“I’m sorry – but there’s a problem with your baby’s heart”
We were expecting baby number 3 to complete our family. Ten minutes earlier, I had been mentally decorating a shared bedroom for my two little girls. Suddenly I was facing the agonising wait to find out what was wrong with the heart of my third child.
We were told that our baby girl had Truncus Arteriosus, a defect in which a single blood vessel comes out of the right and left ventricles, instead of the normal two vessels (pulmonary artery and aorta).
It was terrifying but there was hope. I would deliver our baby at Liverpool Women’s Unit where she would undergo surgery on delivery. I spent a week researching her condition and the operation, and began to feel more positive. I had a long list of questions to ask the pediatrician when I next saw him –questions I would never get to ask.
One week later, the scan images were clearer. Our baby didn’t have Truncus Arteriosus – she had an Interrupted Aortic Arch (type B) and her aorta was far too narrow to provide enough blood for her body. She also had a VSD (hole in her heart) which was so big that it would be impossible to close. She would require two open heart surgeries, spend her first 6 months of life in hospital and have a third surgery before she was 5 years old. Even then, there was only a 50-70% chance of her surviving. She needed a miracle if she was going to make it to her teens.
On leaving the hospital that day, I could feel my precious little girl moving around inside me. I had never been so distraught in all my life. A decision had to be made.
We decided to seek a second opinion.
A few days later we were on our way to another fetal ECHO scan. The second team did agree with the majority of the first diagnosis and prognosis – but with one significant difference to the treatment plan. Once she was born, the plan would be to insert an IV of Prostin which would keep her arterial duct open, thus allowing blood to flow to the lower half of her body until her operation. She would need surgery as soon as possible and they planned to use a Gore-Tex patch to close the VSD. All in all, they expected her to be in hospital for no more than 3 weeks.
And, most importantly to me, our baby would have a physically normal life.
There was still a 5% chance that she wouldn’t survive surgery, but, if she did survive she would be left with a much better quality of life. We had been offered hope – and we grasped it with both hands.
On the 22nd August, Martha Grace arrived into this world screaming and weighing in at 6lb 1oz.
After four days, she was transferred to Great Ormond Street Hospital for a 7-hour long surgery and,just 18 days later, Martha was on her way home.
However, our ordeal wasn’t over. Due to the size and position of her VSD, Martha Grace would undergo another operation at 12 weeks old. Complications from that operation would see her fitted with a pacemaker at 14 weeks old before having another open heart surgery at 4 months old. A 10-day stay turned in to a 10-week admission with Martha Grace spending her first ever Christmas in hospital.

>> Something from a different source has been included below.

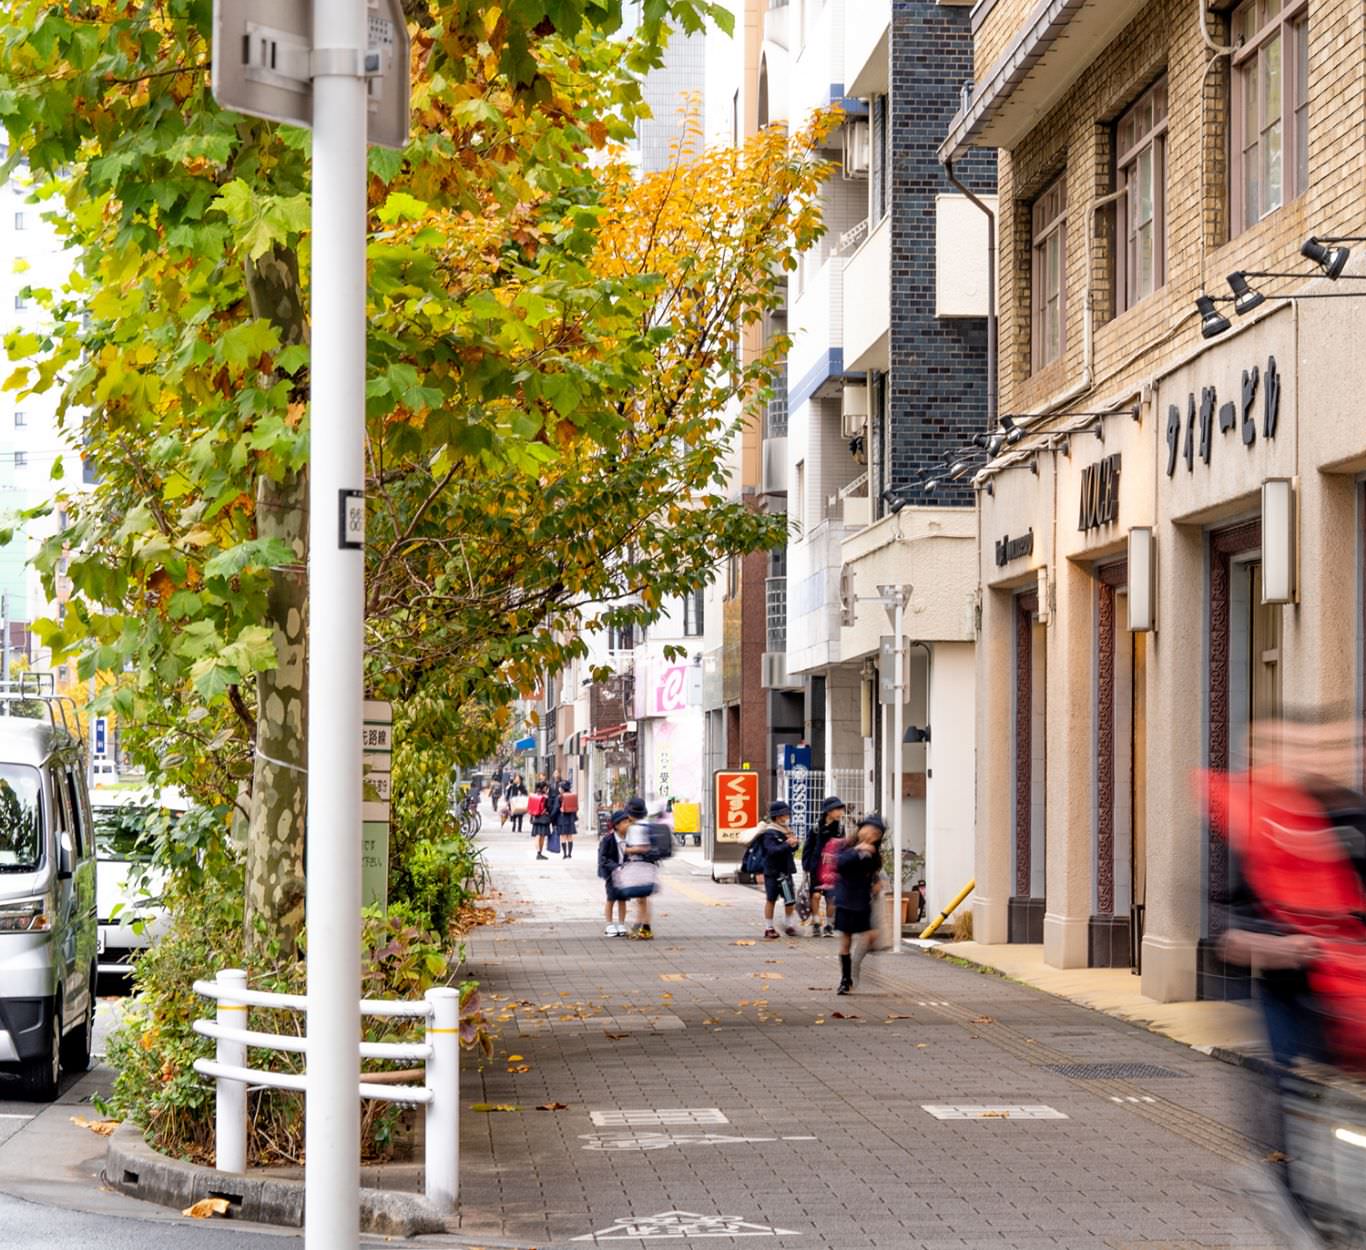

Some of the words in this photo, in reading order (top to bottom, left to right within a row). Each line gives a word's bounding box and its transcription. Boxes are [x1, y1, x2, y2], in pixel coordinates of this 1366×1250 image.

[1166, 355, 1281, 478] タイガービル
[1077, 453, 1122, 532] NOCE
[725, 775, 751, 828] くすり
[791, 783, 807, 825] BOSS

As the New Year arrived, Martha began making big leaps of recovery. We managed to wean her off CPAP support and she became much better at tolerating feeds. After seven long weeks, she was moved out of intensive care and, on the 22nd of January, we finally brought her home, ten weeks after we brought her in.
Monthly check-ups became three-monthly appointments and then we were given a six-month reprieve.

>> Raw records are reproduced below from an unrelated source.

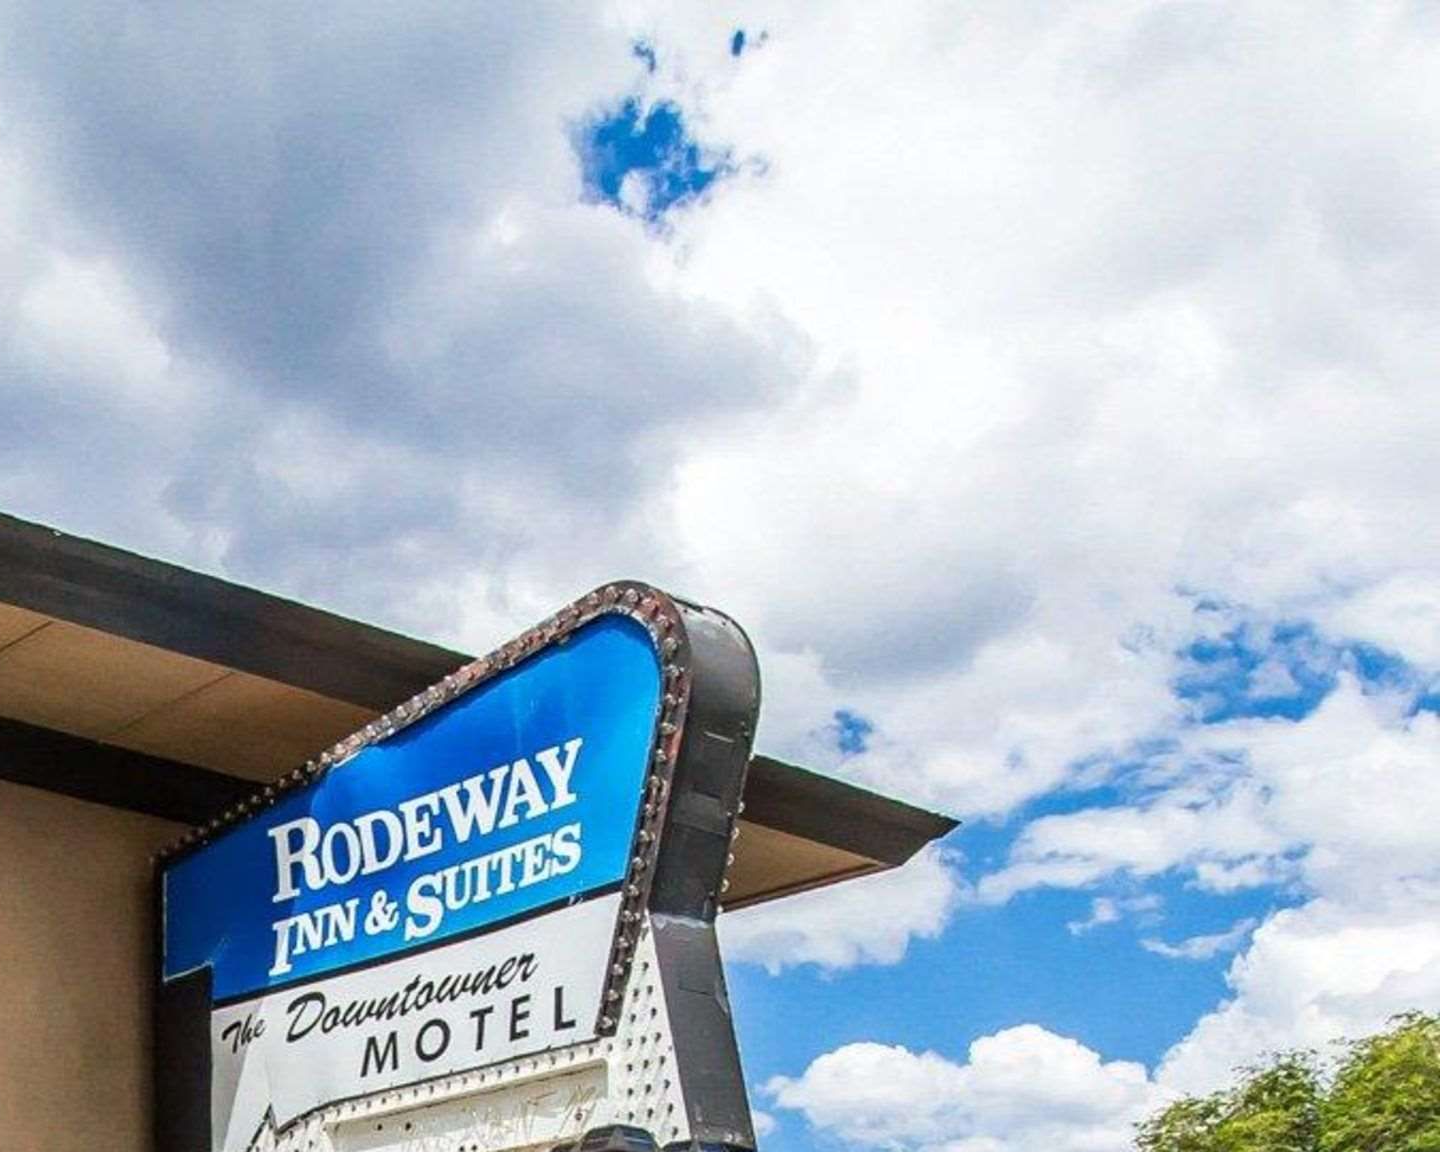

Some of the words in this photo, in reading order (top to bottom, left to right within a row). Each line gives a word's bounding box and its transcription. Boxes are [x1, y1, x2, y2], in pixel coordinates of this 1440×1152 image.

[267, 737, 583, 903] RODEWAY
[268, 898, 359, 976] INN
[364, 889, 400, 936] &
[404, 822, 582, 941] SUITES
[221, 1016, 266, 1054] The
[286, 951, 539, 1043] Downtowner
[360, 985, 576, 1078] MOTEL
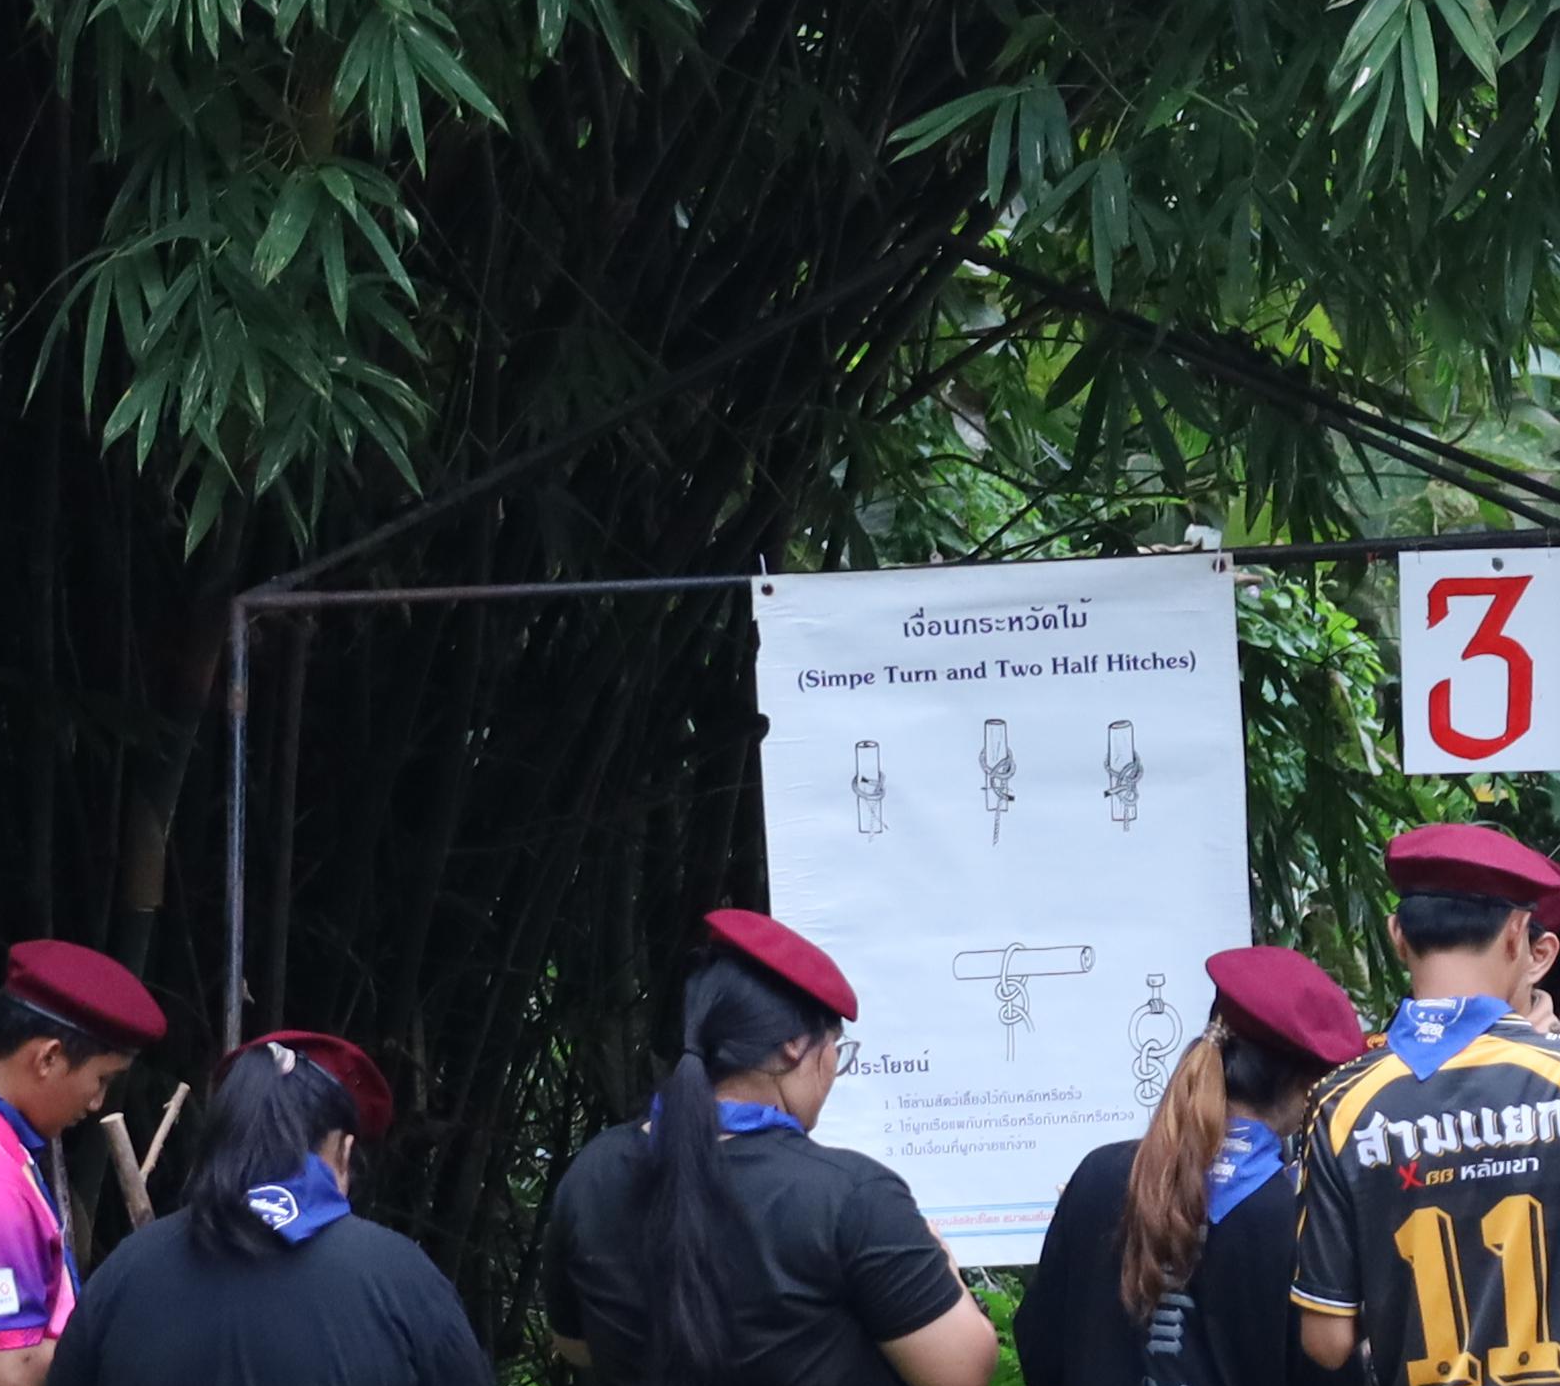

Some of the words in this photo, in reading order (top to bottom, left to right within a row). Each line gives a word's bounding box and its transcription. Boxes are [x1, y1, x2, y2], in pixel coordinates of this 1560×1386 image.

[902, 598, 1092, 638] เงื่อนกระหวัดไม้
[797, 669, 876, 692] (Simpe
[883, 666, 937, 684] Turn
[946, 661, 988, 681] and
[995, 660, 1043, 678] Two
[1051, 654, 1100, 675] Half
[1106, 649, 1197, 674] Hitches)
[1426, 574, 1533, 761] 3
[1397, 1160, 1425, 1190] X
[1460, 1157, 1539, 1181] หลังเขา

But in March 2015, we were given the devastating news that the obstruction to her left Ventricular Outflow Tract was worsening and we were potentially looking at Open Heart Surgery Number 4.

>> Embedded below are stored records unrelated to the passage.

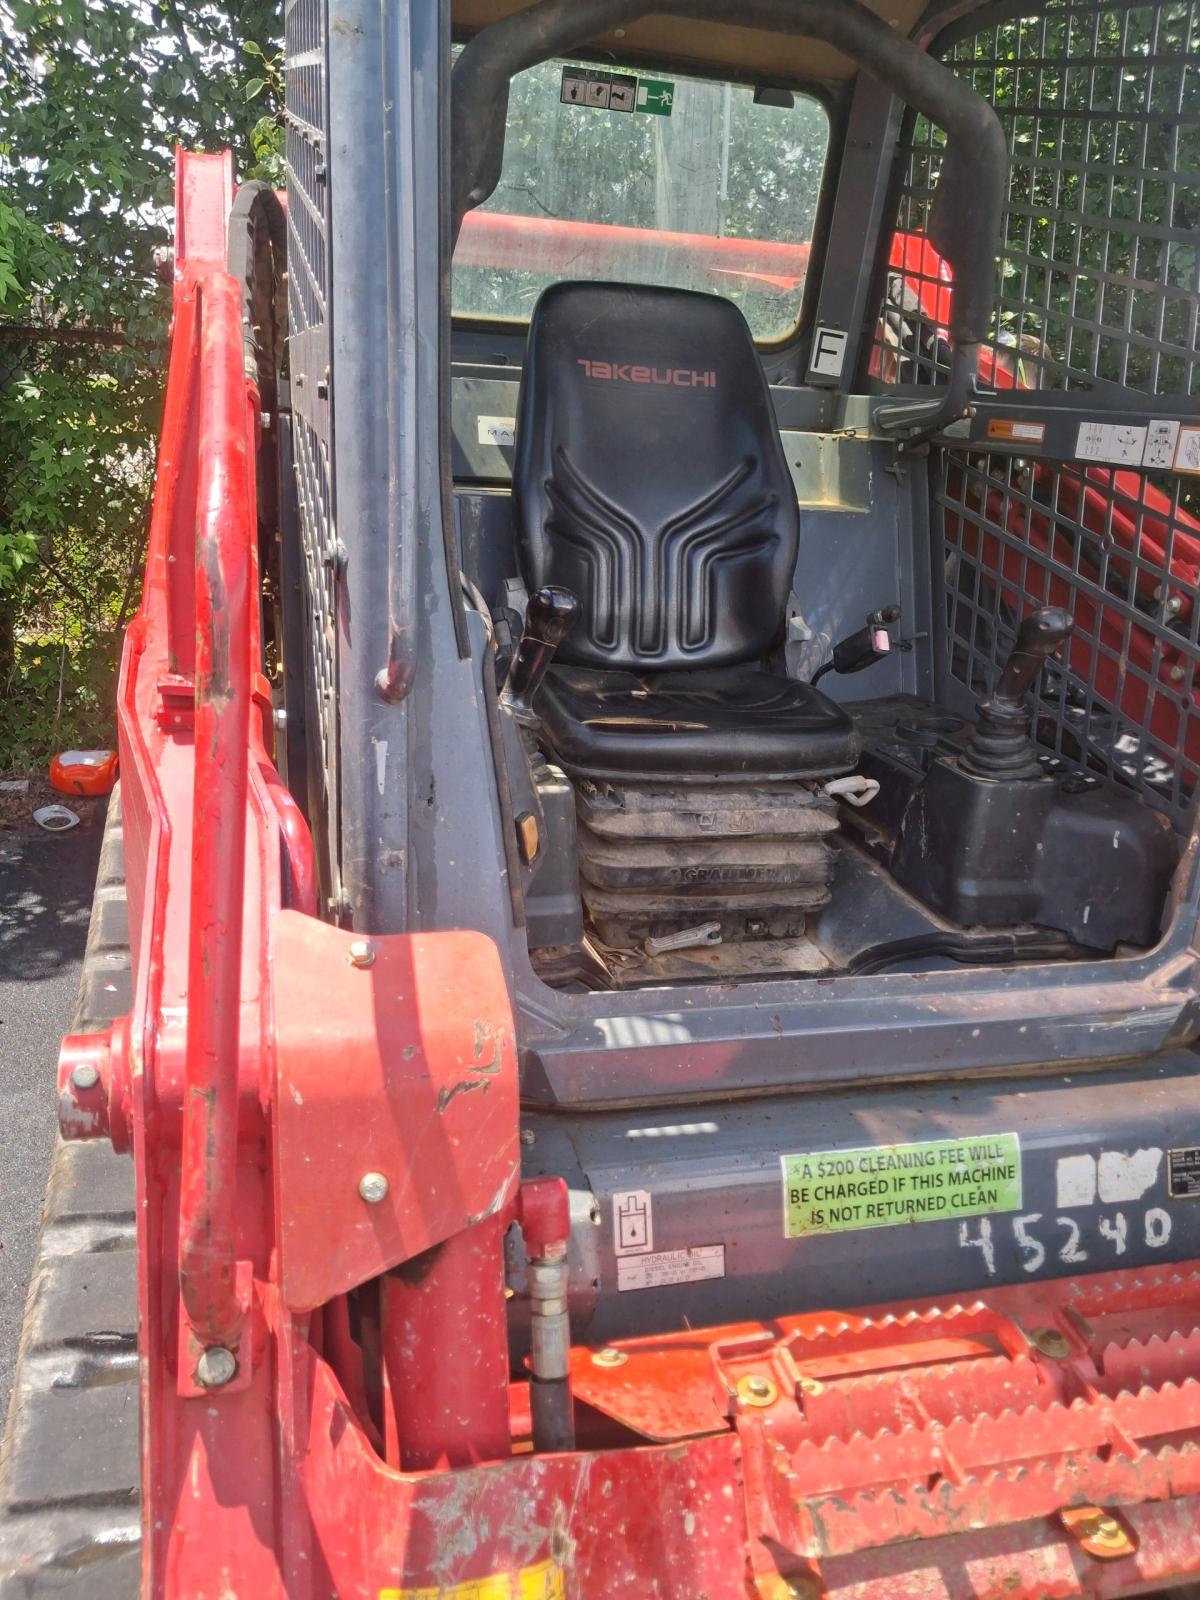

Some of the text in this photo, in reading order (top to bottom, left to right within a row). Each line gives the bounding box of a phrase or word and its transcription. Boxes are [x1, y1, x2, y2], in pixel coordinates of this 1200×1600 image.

[813, 331, 845, 369] F
[576, 358, 717, 388] TAKEUCHI
[802, 1144, 1004, 1180] A $200 CLEANING FEE WILL
[790, 1165, 1016, 1204] BE CHARGED IF THIS MACHINE
[811, 1189, 998, 1225] IS NOT RETURNED CLEAN
[641, 1252, 686, 1265] HYDRAULIC
[959, 1207, 1172, 1276] 45240

Fearing another long term admission, we planned for every worst case scenario…but Martha Grace is a little fighter! Less than 7 hours after coming out of theatre and she was extubated. Two days after her operation she was moved out of Intensive Care and on to the ward. Martha Grace was served her eviction notice five days after surgery and was home in time for her big sister’s 4th birthday.
Martha will face many more operations in the future, her pacemaker needs replacing before the summer – but when I see her enjoying a cup of Babycino in our favourite cafe, or pushing a toy trolley around Hamleys with her big sister…I know that Martha enjoys a great quality of life. That is all I want for her.
We know that if Martha Grace’s heart problem had not been detected during our 20 week scan, she would not be here today.
She came in to the world with a great pair of lungs and, to the outside world, looked perfectly healthy. If she’d been born at our local hospital we would have taken her home and she would not have survived. Even if her condition had been picked up before we left hospital, there would not have been enough time to search out the best treatment and she would have passed away.
Prenatal detection saved Martha’s life. Thanks to the skills of our sonographer, Sioned, who detected Martha’s defect, we have our beautiful little girl. There are no words to thank her.